DIRECTIONS = Reproduce the entries that follow exactly, dropping each image.

/---

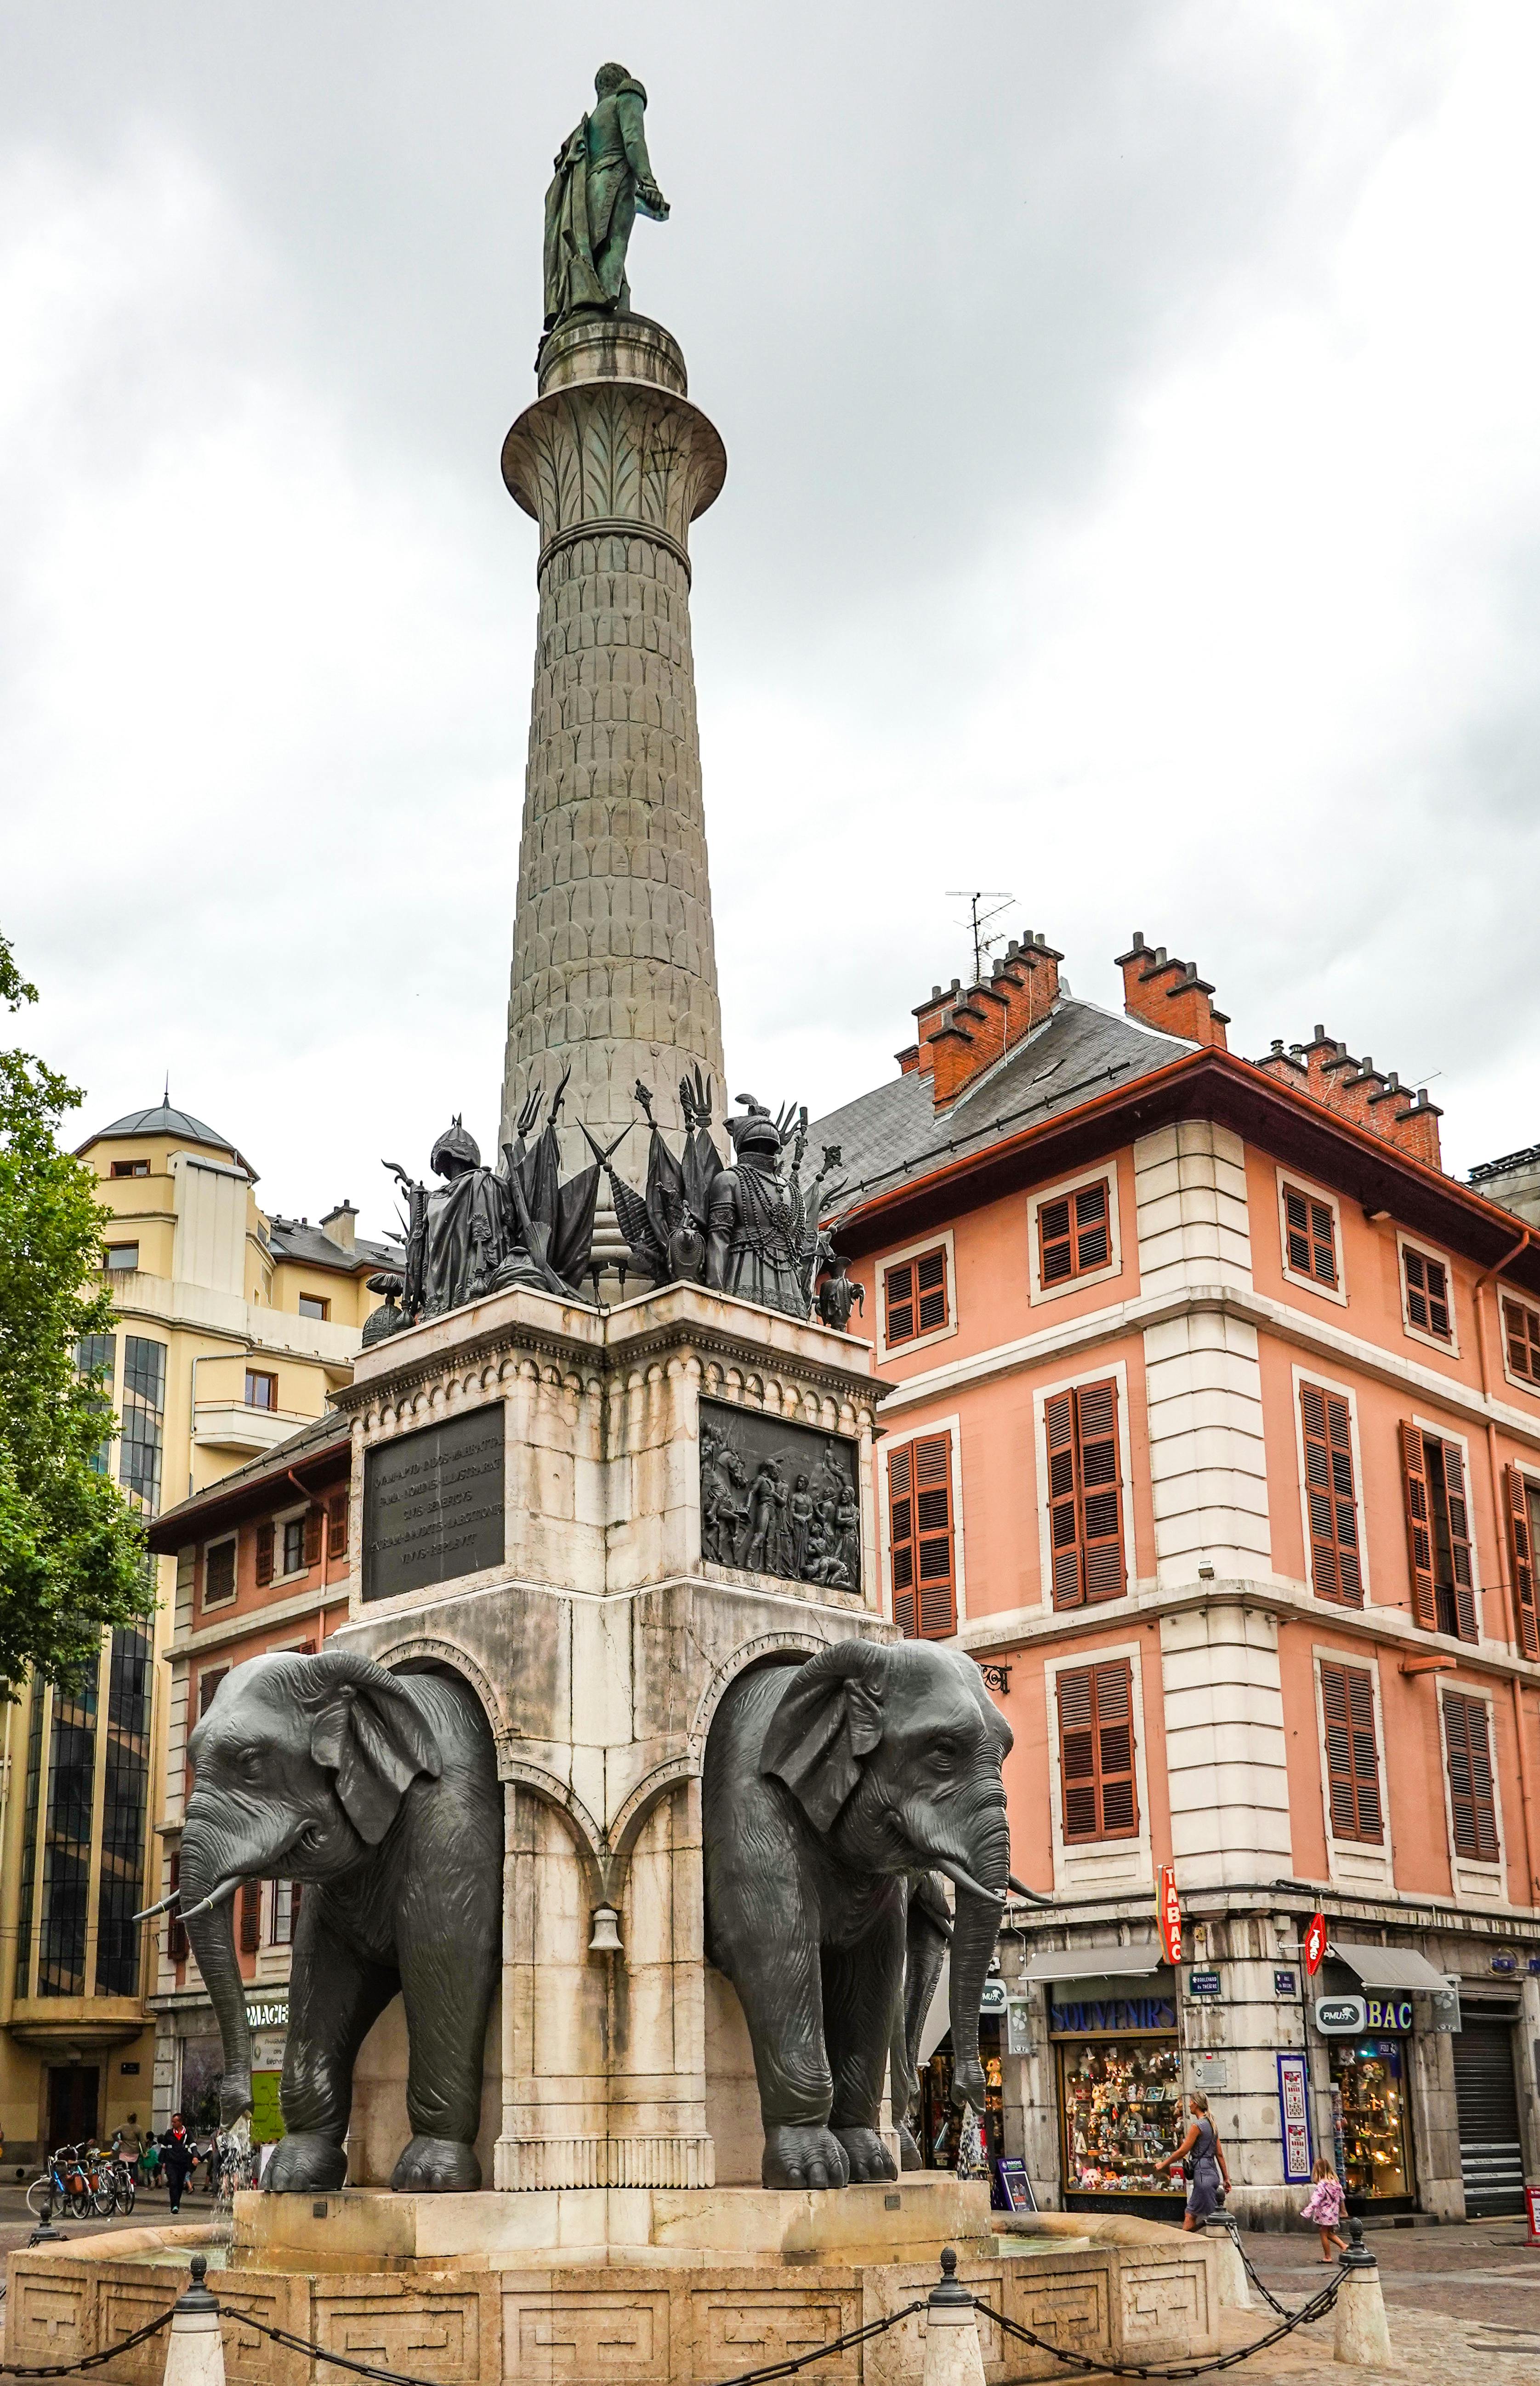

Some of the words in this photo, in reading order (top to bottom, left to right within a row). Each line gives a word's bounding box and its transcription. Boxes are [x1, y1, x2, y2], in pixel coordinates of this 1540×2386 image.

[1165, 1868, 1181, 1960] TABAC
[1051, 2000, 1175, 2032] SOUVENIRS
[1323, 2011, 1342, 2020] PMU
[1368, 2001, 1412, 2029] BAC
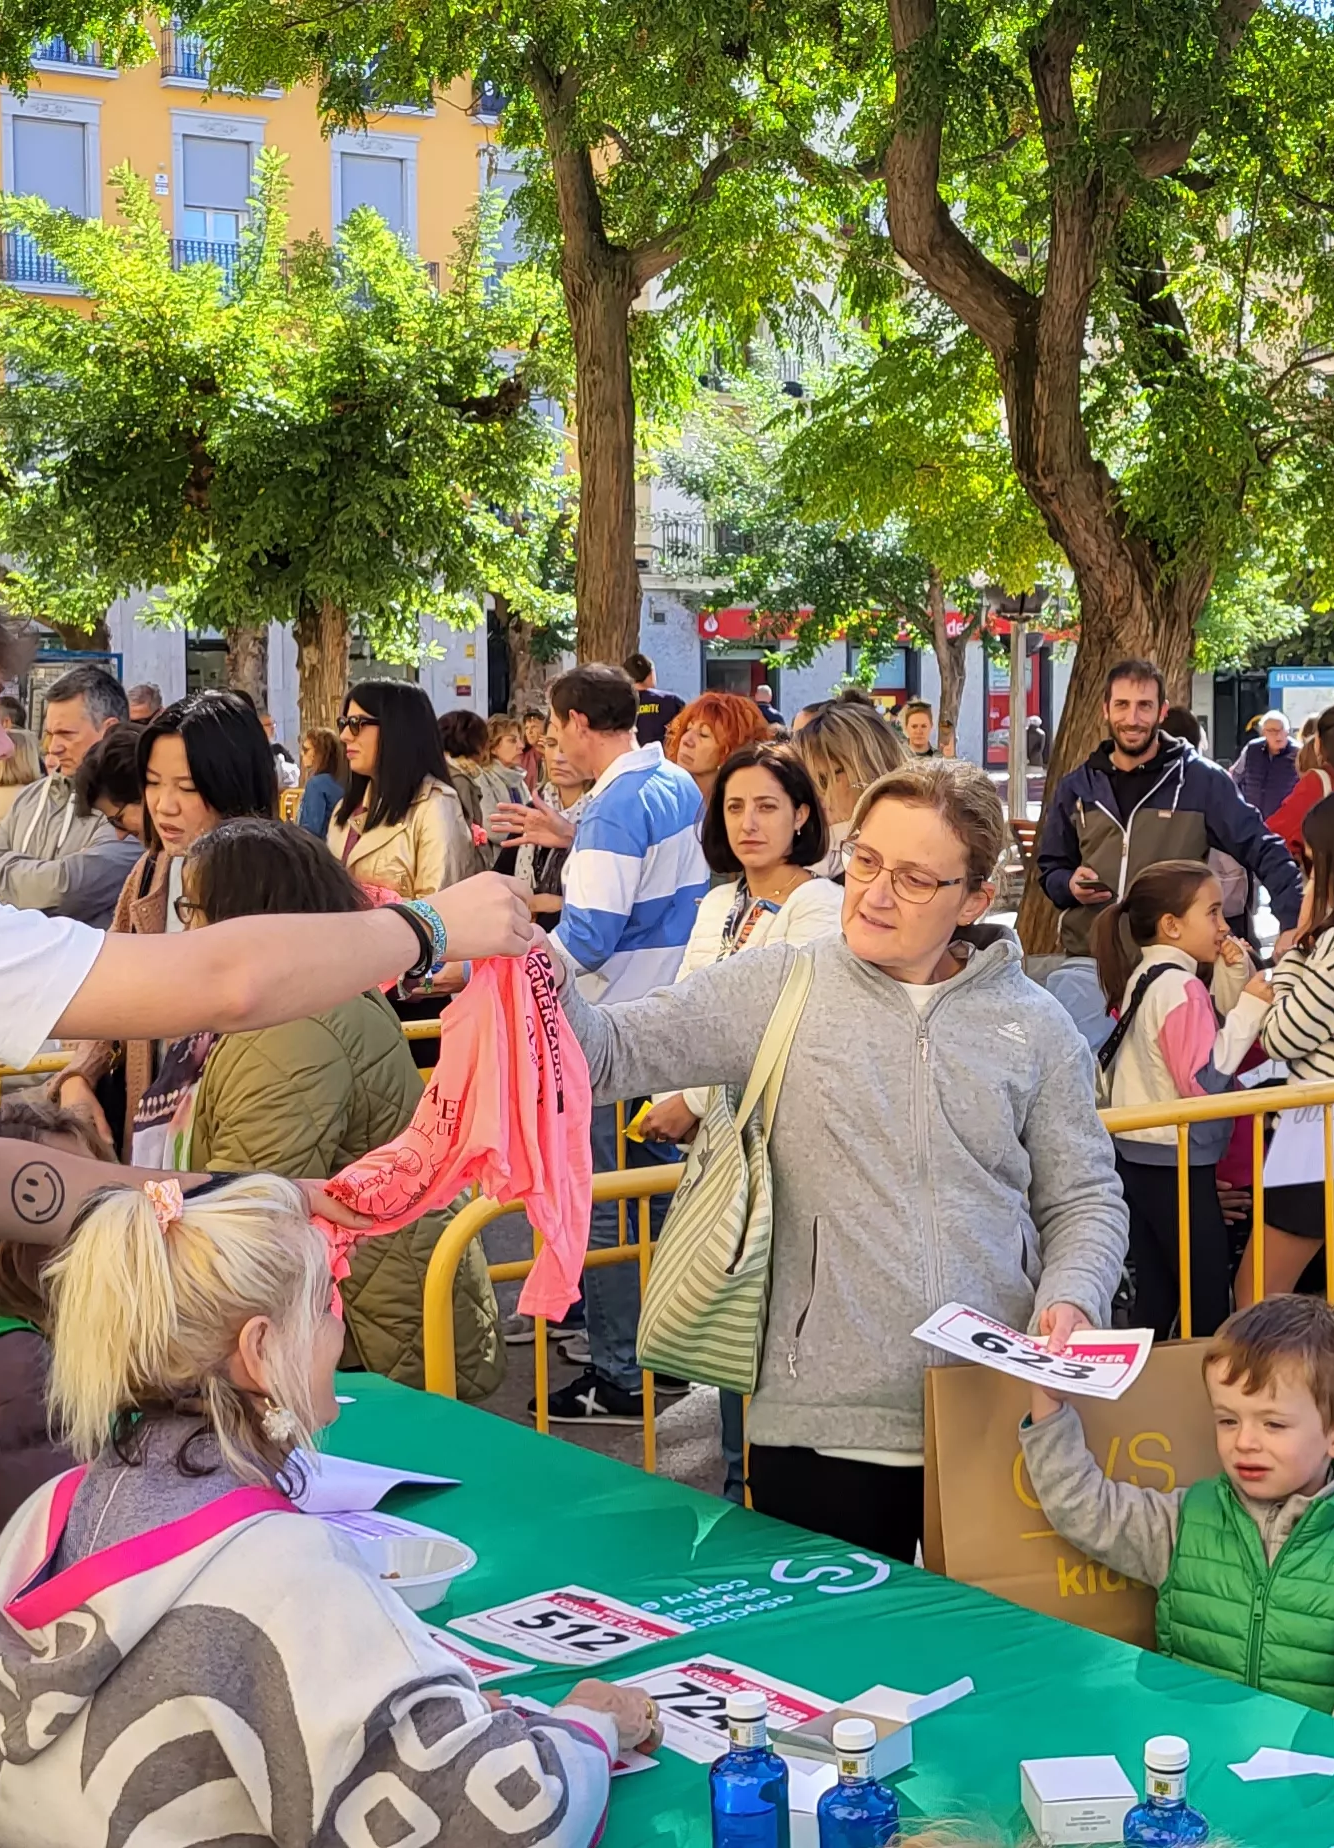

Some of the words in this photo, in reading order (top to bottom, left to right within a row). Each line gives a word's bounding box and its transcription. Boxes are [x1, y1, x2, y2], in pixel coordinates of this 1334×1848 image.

\---

ANSWER =
Some of the words in this photo, in reading order (top to bottom, left to right within a row). Each line gives a word's bounding box and its transcription. Boxes are [x1, y1, x2, y2], in pixel coordinates of this 1540×2386 image.

[1165, 1868, 1181, 1960] TABAC
[1051, 2000, 1175, 2032] SOUVENIRS
[1323, 2011, 1342, 2020] PMU
[1368, 2001, 1412, 2029] BAC

Some of the words in this photo, in reading order (top to bottom, left to right within a row). Each line gives a word's bounding box and its transcription. Boxes are [x1, y1, x2, y2], in pixel coordinates of this 1334×1848 image.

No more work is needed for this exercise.